6 A 10-year Plan of Reductions in Government Expenditures; Keynes Versus the Proponents of Austerity and Concluding Comments

Keynes predicted a negative effect of reduced GE or increased taxes on aggregate demand. In the short run and within a “normal context” the Keynesian negative effect clearly dominates over any positive one caused by a lower budget deficit, a lower debt and lower interest rates. By a “normal context” the author means here a situation in which long run market expectations about future growth and employment are not changed by the fiscal restrictions implemented. However, in the current circumstances a drastic and credible 10 year-program of reductions in GE aiming at bringing the ratio of GE to GDP back to its 1960 level will change instantly and significantly the long run expectations about future growth and about the business and investment environment in such a way that its effects are likely to be very positive even in the short run. Long run expectations of foreign residents are also crucial for the final outcome of the 10-year plan proposed, because they have a strong influence on FDI and capital inflows. Thus in the short run both Keynes and the proponents of austerity can be right, the effect of the reduction of the GE to GDP ratio depending on the magnitude and the credibility of the 10-year plan, on the type of fiscal measures taken and on the planned changes in the role and functions of the State. The signature of a “letters of intent” with the IMF, the EU and the ECB would bind future governments and make the 10-year plan more credible. The sharp reduction in GE and in the role and functions of the State proposed in this paper will likely contribute per se to an increased efficiency of government because it is easier to manage something which is small than something which is big. Countries like Italy could and should implement such a plan on its own initiative, without waiting for the pressure of the EU and Germany to mount to unacceptable levels.
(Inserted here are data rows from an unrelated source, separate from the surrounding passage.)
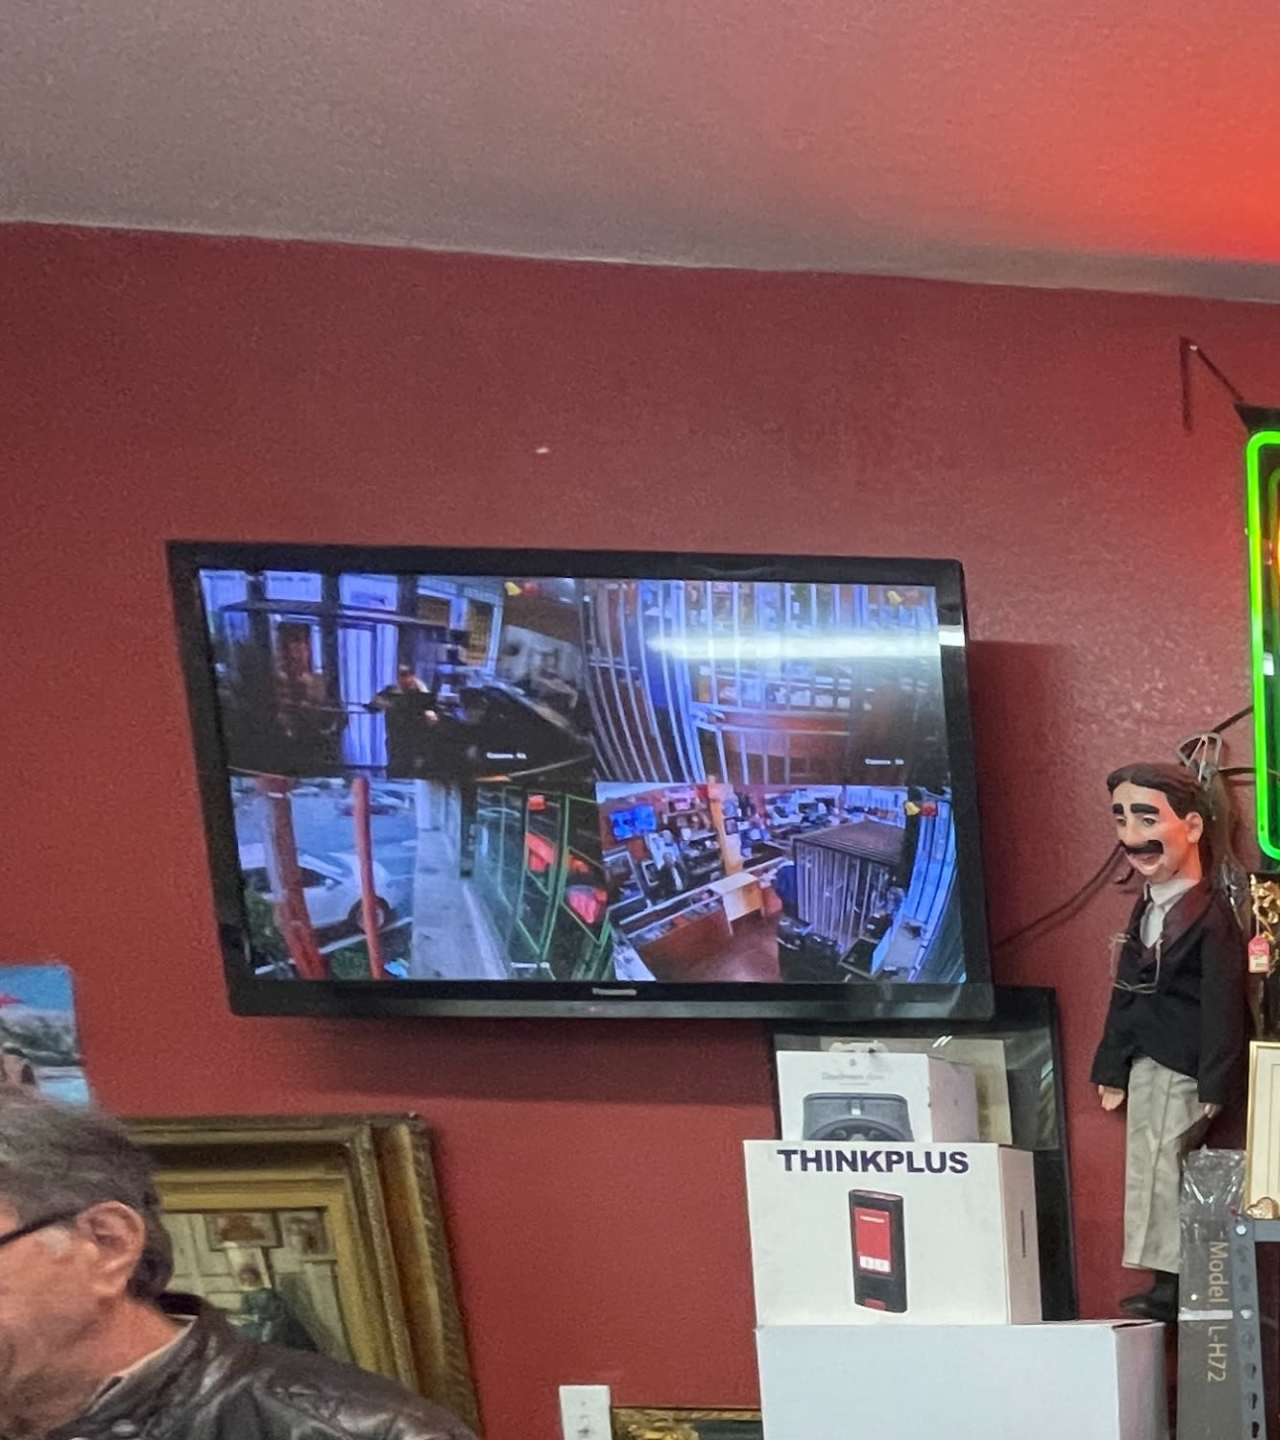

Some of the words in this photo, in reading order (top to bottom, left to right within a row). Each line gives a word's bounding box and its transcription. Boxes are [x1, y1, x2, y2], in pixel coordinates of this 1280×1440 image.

[776, 1149, 969, 1174] THINKPLUS
[1208, 1241, 1229, 1303] Model
[1207, 1325, 1227, 1383] L-H72
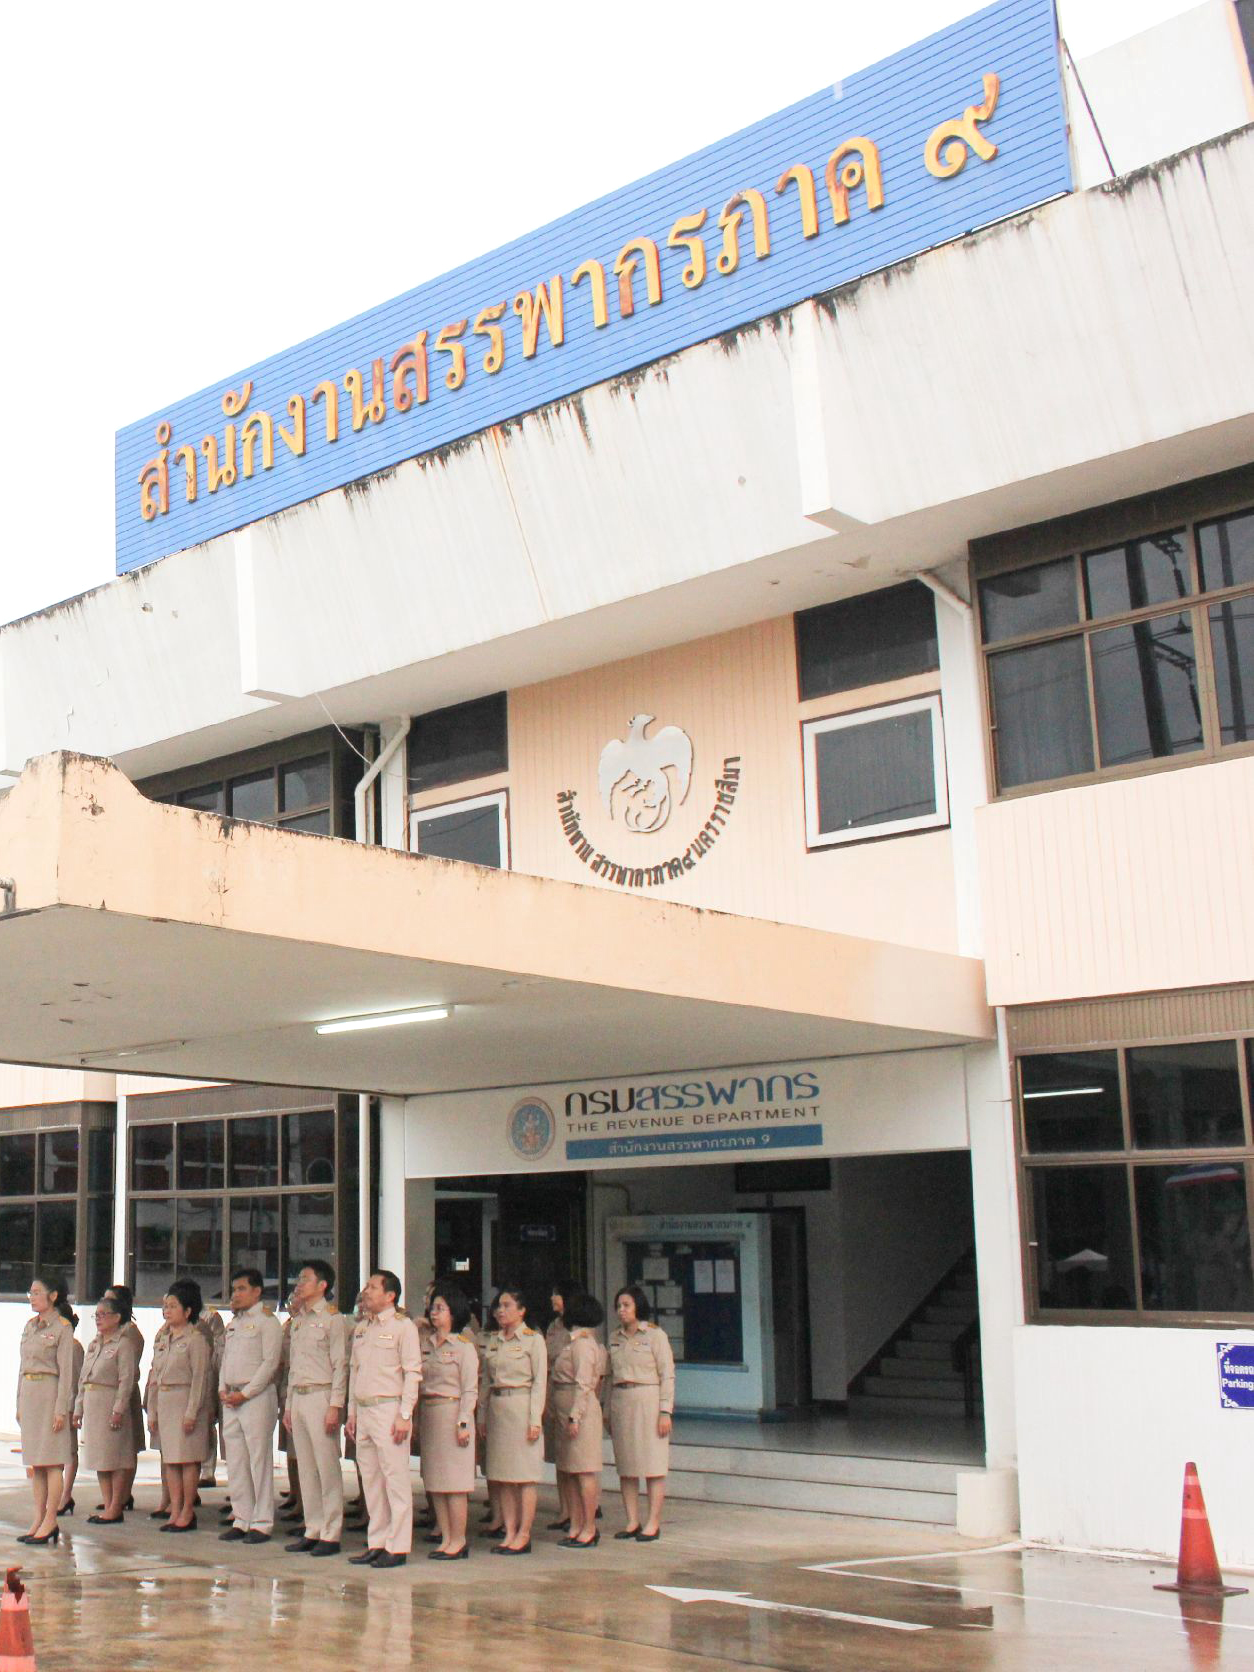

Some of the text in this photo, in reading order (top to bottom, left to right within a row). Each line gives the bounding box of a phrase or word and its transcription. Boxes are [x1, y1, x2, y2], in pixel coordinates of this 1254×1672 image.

[138, 72, 1002, 521] สำนักงานสรรพากรภาค ๙
[564, 1071, 821, 1118] กรมสรรพากร
[566, 1105, 821, 1133] THE REVENUE DEPARTMENT
[608, 1133, 771, 1155] สำนักงานสรรพากรภาค 9
[1221, 1377, 1254, 1391] Parking
WE governments and EU institutions focus their attention principally on government deficits and debts, which have not been addressed in this paper, simply because they are not as important for long term growth as are the ratio of GE to GDP, the distortions caused by high taxes and the overall business climate. If the main message of this paper is correct, the whole of WE is on the wrong track. Economic policy in WE has been devised and implemented without sufficient understanding of economic theory. The 3 % Maastericht criteria for the deficit to GDP ratio and the 60 % limit for the debt to GDP ratio, which are both so crucial for Euro members, do not make much economic sense and have brought the whole of WE on a completely wrong track. The government debt is over 200 % of GDP in Japan and the deficit of the US government was 11.6 % in 2009, 9.3 % in 2010 and 7.9 % in 2011, yet in terms of financial stability and prospects of growth the US and Japan are today better off than WE.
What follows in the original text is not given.